A few scanning tips
This section describes and explains a common standard technique to correct and improve the contrast of the image, which enhances colors too. It is applicable to scanning both prints and film, and to editing later too. It uses the histogram tool in your scanner's driver or photo editor program, and is called Setting the Black and White Points. This discussion may appear to be about scanning, but this same technique works for scanner images, digital camera images, any image at all. The LCD display on better digital cameras shows this same histogram to allow judging the correct camera exposure at time of shooting, so now is time to learn this technique.
This is easy to do and learn, and it can make a huge difference to your images. It is an essential technique for Color or Grayscale photo images, a real fundamental. It is simply the way images are adjusted. It is quick to do, and it should become your automatic procedure.
You can do this during the scan, or after the scan in the photo editor. The scanner software is very important to our results, it is the tool we have to work with. You really don't need much skill to operate a printer or a monitor, but scanners do require extra effort. The technique described here used with good scanning software will raise your scanning skill level very considerably.
This article is illustrated using images of the histogram tool from Microtek ScanWizard, but if your scanner allows control of the tones during the scan, and many scanners do, then it has similar tools, and they will all work the same way.

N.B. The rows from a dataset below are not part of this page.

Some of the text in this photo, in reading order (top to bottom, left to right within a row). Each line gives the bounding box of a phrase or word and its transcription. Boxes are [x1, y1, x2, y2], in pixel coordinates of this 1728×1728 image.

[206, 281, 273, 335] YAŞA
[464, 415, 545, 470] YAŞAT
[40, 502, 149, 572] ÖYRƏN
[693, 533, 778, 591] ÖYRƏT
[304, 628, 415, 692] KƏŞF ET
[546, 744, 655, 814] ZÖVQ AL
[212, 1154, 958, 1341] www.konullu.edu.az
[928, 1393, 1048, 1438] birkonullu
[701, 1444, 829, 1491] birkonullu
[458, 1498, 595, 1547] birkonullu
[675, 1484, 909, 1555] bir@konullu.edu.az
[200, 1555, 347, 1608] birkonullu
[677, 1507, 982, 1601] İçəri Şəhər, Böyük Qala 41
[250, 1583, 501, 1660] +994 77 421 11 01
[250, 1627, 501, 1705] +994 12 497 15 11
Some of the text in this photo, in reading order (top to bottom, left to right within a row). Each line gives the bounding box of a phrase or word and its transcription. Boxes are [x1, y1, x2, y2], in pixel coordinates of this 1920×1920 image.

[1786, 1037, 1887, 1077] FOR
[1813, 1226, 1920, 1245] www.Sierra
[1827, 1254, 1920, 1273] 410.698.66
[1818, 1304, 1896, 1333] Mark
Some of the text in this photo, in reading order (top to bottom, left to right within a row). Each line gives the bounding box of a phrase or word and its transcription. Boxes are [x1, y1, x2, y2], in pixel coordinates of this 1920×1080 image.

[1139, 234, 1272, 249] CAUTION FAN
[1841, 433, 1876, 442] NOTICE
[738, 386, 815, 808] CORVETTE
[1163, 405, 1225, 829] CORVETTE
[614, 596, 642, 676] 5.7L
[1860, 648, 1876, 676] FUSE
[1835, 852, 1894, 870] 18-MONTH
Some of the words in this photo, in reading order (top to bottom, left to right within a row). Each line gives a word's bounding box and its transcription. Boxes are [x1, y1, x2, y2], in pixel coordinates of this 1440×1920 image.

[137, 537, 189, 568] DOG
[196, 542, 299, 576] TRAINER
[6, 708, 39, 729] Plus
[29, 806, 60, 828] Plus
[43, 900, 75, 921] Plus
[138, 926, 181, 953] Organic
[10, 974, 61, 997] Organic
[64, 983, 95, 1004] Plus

Most popular photo editor programs today have similar histogram tools, for example Adobe Photoshop or Elements (shown below - at the Levels menu or just type Control L), and Corel Photo-Paint, Ulead PhotoImpact, and Corel Paint Shop Pro. These all work the same as described here. This tool is often named "Levels", referring to adjusting the black and white end point levels. The adjustment below lowered the midpoint, to brighten the image (discussed a few pages later).
The first step is to start with a pretty good photograph, reasonably focused and exposed. Then the rest is easy. You can even make poor photos better, sometimes a lot better.
The image below is our final version. It's only a 256 color GIF file now, okay? GIF is not best for photos, but the transparent background requires it. And I like it, and it's a good example for the technique. There are a few steps involved in this Simple Way, and it's much harder to describe than to do, but I'll try to cover it all. This method works great for Color or Gray scanning modes, and if you edit images, I can't imagine you not finding it extremely useful too. This tool is fundamentally important to all imaging.
Below is the initial scan, with less contrast.
Photos do vary, one from another, and often do have different scanning requirements. Here is an easy nearly semi-automated technique that helps quite a lot (honest). And for the unusual photo, too dark, too light, etc, variations of this same method will work wonders. There are many opinions how to best do this, but this one works.
This article is illustrated using screen images from Microtek's ScanWizard, but if your scanner allows control of the tones during the scan, and it probably does, then it surely has very similar tools that work the same way. And good photo editors also have the same tool.
This will possibly be a new concept to many readers, and while it is an easy concept, I think it may require two readings, one for the overview and one for the details.